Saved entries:
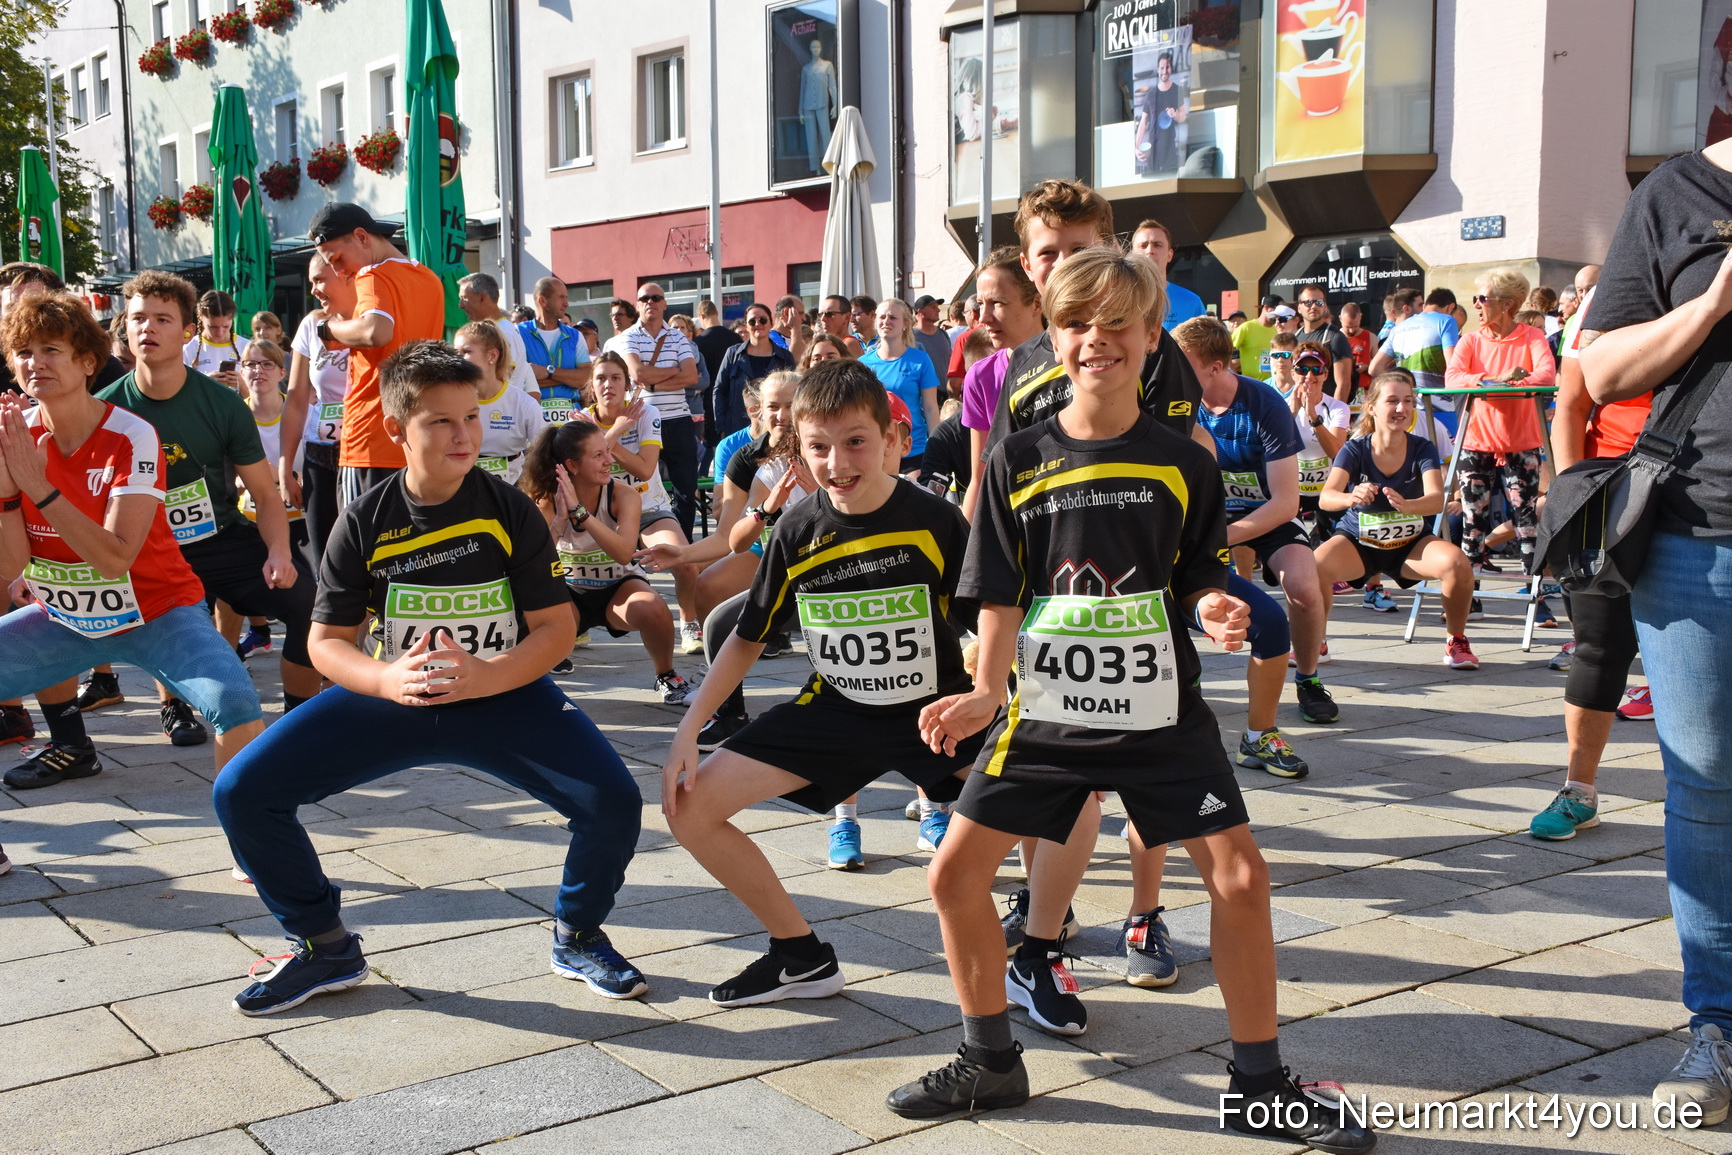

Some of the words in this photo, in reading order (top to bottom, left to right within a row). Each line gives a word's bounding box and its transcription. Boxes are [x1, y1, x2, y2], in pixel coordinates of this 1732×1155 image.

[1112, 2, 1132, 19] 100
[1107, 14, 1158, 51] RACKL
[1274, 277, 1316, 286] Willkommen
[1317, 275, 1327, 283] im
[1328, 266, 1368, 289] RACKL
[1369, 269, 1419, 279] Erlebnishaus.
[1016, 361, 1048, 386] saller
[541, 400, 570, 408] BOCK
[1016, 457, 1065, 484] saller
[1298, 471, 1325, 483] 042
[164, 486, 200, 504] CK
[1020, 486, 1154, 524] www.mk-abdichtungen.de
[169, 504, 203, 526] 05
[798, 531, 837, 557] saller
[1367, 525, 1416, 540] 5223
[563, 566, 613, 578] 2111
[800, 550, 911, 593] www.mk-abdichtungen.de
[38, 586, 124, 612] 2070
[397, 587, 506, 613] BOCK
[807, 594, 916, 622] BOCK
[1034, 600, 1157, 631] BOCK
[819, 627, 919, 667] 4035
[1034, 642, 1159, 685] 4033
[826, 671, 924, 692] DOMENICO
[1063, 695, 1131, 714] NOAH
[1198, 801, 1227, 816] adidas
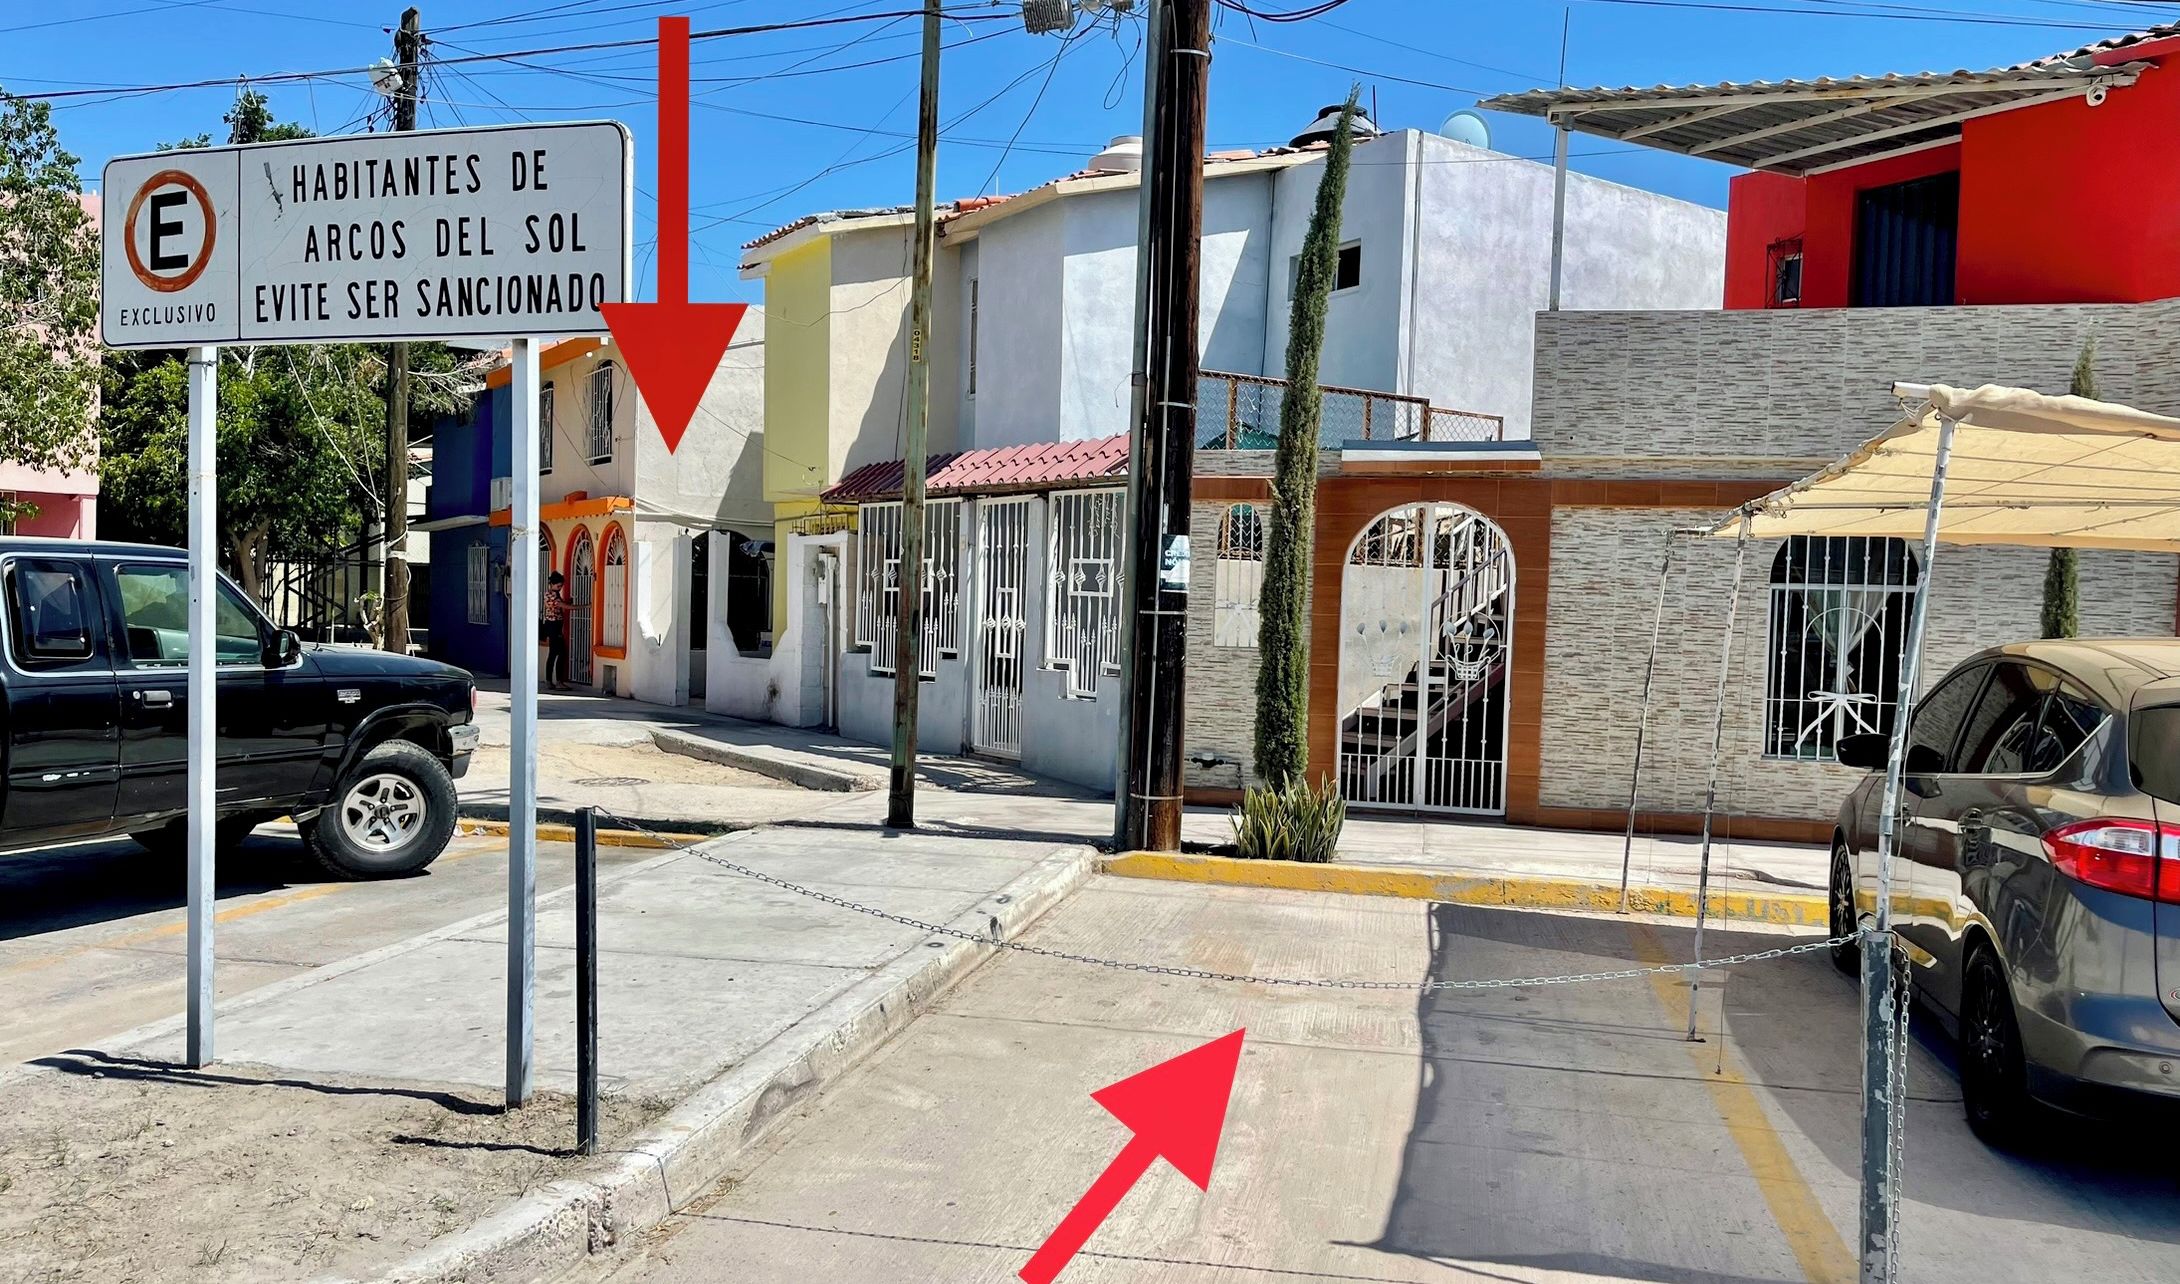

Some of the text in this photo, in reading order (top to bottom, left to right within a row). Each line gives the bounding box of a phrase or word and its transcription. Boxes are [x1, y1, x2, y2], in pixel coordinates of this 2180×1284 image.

> _Description of the task_: What is needed is an exact copy of the entries above, with no images in it.

> _Solved problem_:
Some of the words in this photo, in reading order (top to bottom, left to right within a row). Each line gives a word's bounding box and its transcription. Boxes are [x1, y1, x2, y2], in pixel coordinates of this 1732×1155 image.

[1112, 2, 1132, 19] 100
[1107, 14, 1158, 51] RACKL
[1274, 277, 1316, 286] Willkommen
[1317, 275, 1327, 283] im
[1328, 266, 1368, 289] RACKL
[1369, 269, 1419, 279] Erlebnishaus.
[1016, 361, 1048, 386] saller
[541, 400, 570, 408] BOCK
[1016, 457, 1065, 484] saller
[1298, 471, 1325, 483] 042
[164, 486, 200, 504] CK
[1020, 486, 1154, 524] www.mk-abdichtungen.de
[169, 504, 203, 526] 05
[798, 531, 837, 557] saller
[1367, 525, 1416, 540] 5223
[563, 566, 613, 578] 2111
[800, 550, 911, 593] www.mk-abdichtungen.de
[38, 586, 124, 612] 2070
[397, 587, 506, 613] BOCK
[807, 594, 916, 622] BOCK
[1034, 600, 1157, 631] BOCK
[819, 627, 919, 667] 4035
[1034, 642, 1159, 685] 4033
[826, 671, 924, 692] DOMENICO
[1063, 695, 1131, 714] NOAH
[1198, 801, 1227, 816] adidas

Some of the text in this photo, in reading order (top to bottom, left to right within a row). Each line gives the bounding box of a phrase or word and its transcription. Boxes are [x1, y1, x2, y2], in pixel coordinates of this 2180×1284 image.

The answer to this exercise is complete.